La bonne administration de la justice commande aussi que les motifs de nullité soient soulevés au plus tôt, pour que la justice ne travaille pas en vain. Toutes les parties au procès y ont intérêt.
Depuis le 1er octobre et jusqu'à la promulgation de la proposition de loi, le mécanisme de purge n'existe plus en matière correctionnelle. Les affaires concernées, sans être les plus nombreuses, sont les plus graves et les plus complexes.
Il faut rétablir le mécanisme de purge pour retrouver un équilibre entre respect des droits de défense et la bonne administration de la justice. La rédaction de la proposition de loi est tout à fait satisfaisante et répond aux exigences constitutionnelles. La procédure de LEC a montré son utilité, quand un texte consensuel doit être adopté en urgence.
Le groupe INDEP votera ce texte.
Mme Catherine Di Folco . - Cette proposition de loi de nos anciens collègues intervient après deux censures du Conseil constitutionnel.
La purge stabilise le dossier à l'approche du procès : l'ordonnance de mise en accusation couvre les éventuels vices de procédure qui lui sont antérieurs. C'est indispensable pour certains dossiers très complexes.

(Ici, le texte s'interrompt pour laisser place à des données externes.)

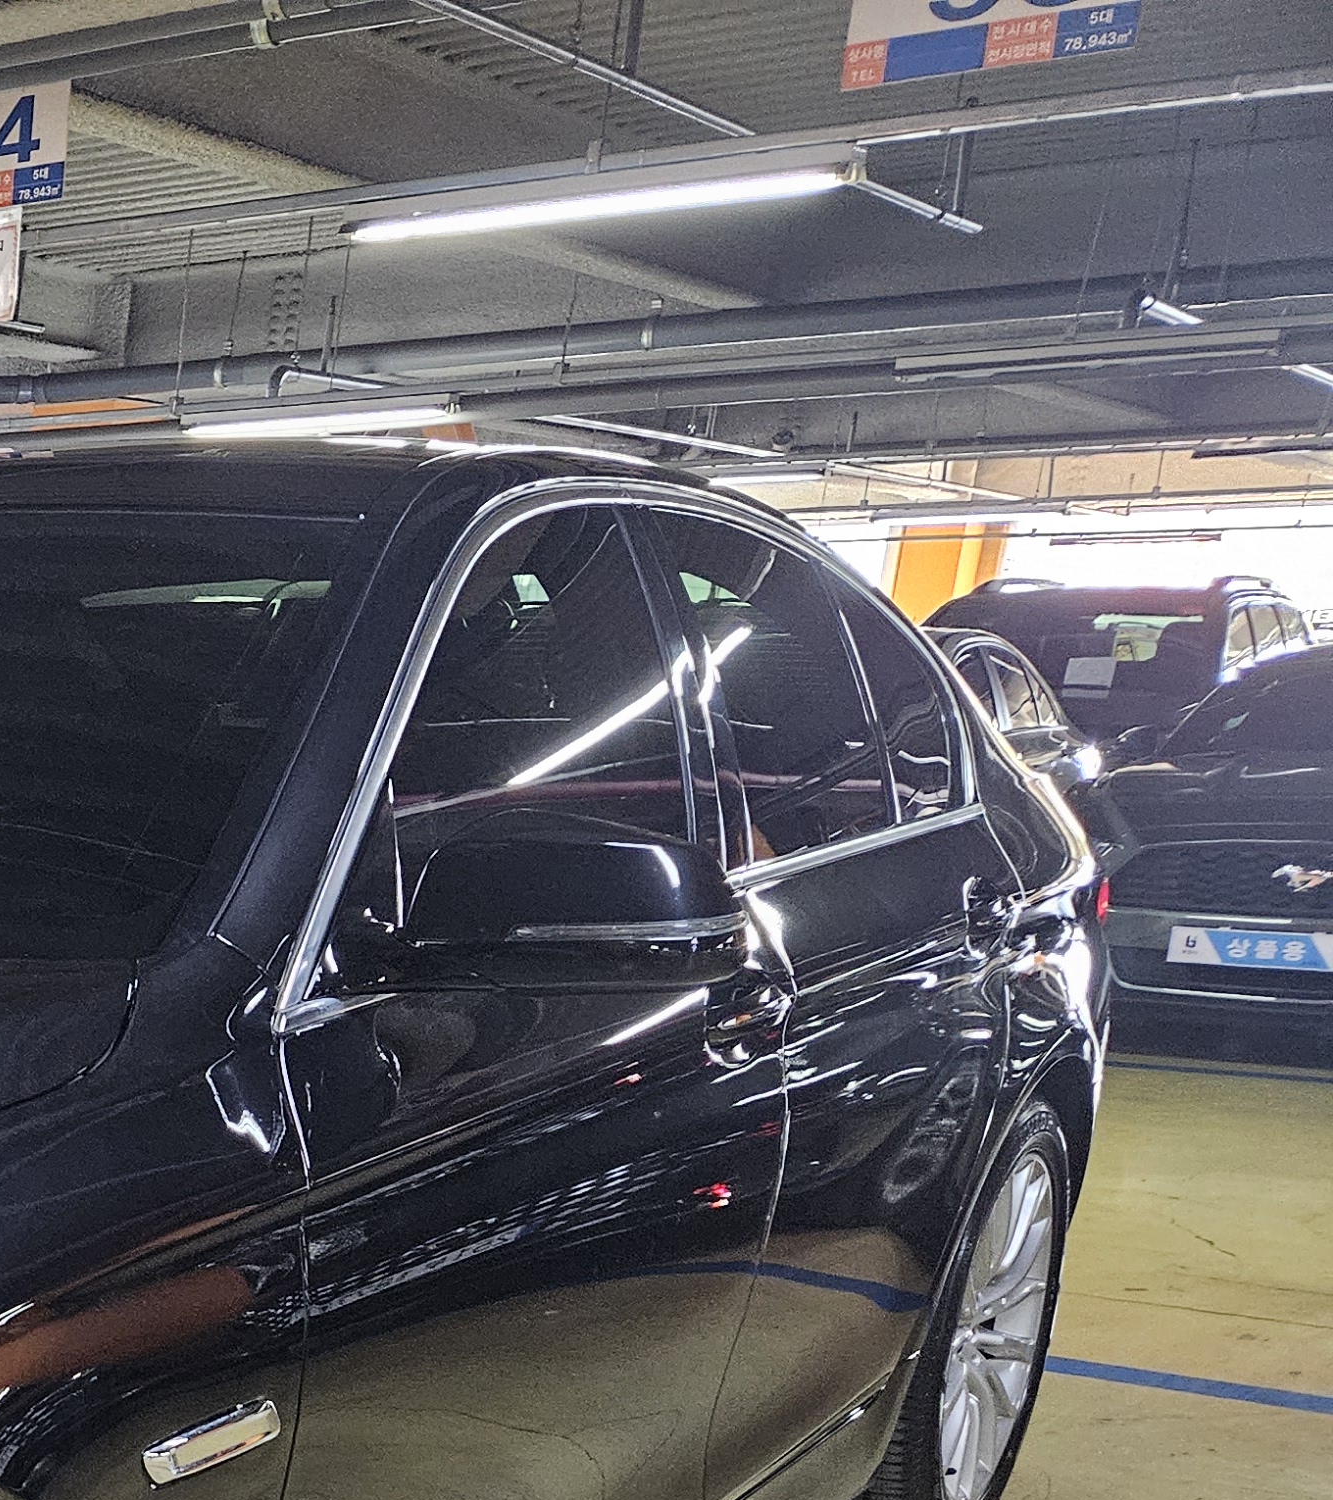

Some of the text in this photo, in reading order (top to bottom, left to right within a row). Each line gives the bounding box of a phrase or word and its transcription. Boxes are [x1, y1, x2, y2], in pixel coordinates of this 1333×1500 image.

En 2021, le Conseil constitutionnel avait censuré les articles 181 et 305-1 du code de procédure pénale. En réaction à cette première censure, le Parlement avait adopté une procédure légèrement modifiée fin 2021, afin d'autoriser, dans certains cas, l'invocation de la nullité en matière criminelle après le délai normal de purge.
À la suite de la décision de septembre 2023 en matière correctionnelle, il est apparu que les garanties offertes par cette exception n'étaient pas suffisantes.
Cette proposition de loi tire les conséquences de ces deux censures, en rétablissant le mécanisme de purge des nullités et en le rendant compatible avec les exigences du juge constitutionnel. La rédaction retenue est suffisamment large et flexible pour régler durablement la question. C'est un texte opérationnel et efficace, destiné à entrer rapidement en vigueur.
Le Conseil constitutionnel avait reporté le plein effet de sa censure d'un an, jusqu'au 1er octobre 2024 - date dépassée. D'autres pans du régime des nullités pourraient tomber encore, en raison de nouvelles QPC. Il est urgent de légiférer.
Je salue le travail de perfectionnement d'Isabelle Florennes.
Monsieur le garde des sceaux, nous comptons sur vous pour faire avancer ce texte à l'Assemblée nationale.
Le groupe Les Républicains le votera.
Mme Marie-Laure Phinera-Horth . - (Applaudissements sur les travées du RDPI) La proposition de loi aborde un sujet technique et fondamental pour le bon fonctionnement de notre justice. Ce sujet complexe a une importance cruciale pour la sécurité juridique et le bon déroulement des procès sur l'ensemble des territoires, y compris outre-mer.
Il s'agit de trouver un équilibre entre les droits de la défense et la nécessité de clore les procédures judiciaires dans des délais raisonnables. Il était urgent de légiférer, le mécanisme de purge n'existant plus en matière correctionnelle depuis le 1er octobre. L'ensemble des procédures risque d'être touché : une nouvelle QPC transmise à la Cour de cassation demande l'extension de la jurisprudence en matière criminelle.
Le mécanisme proposé est équilibré et adapté aux exigences de notre temps. Nous saluons la clarification apportée en commission concernant l'application outre-mer.
Ce texte restaure la stabilité de notre procédure judiciaire. Urgent et essentiel, il répond aux impératifs de la justice tout en respectant les droits des parties.
Je salue le travail du Sénat et j'exhorte le Gouvernement et le Parlement à adopter ce texte promptement.
Le RDPI votera cette proposition de loi, pour le bon fonctionnement de nos juridictions.
La proposition de loi est adoptée.
M. le président. - À l'unanimité.
La séance est suspendue quelques instants.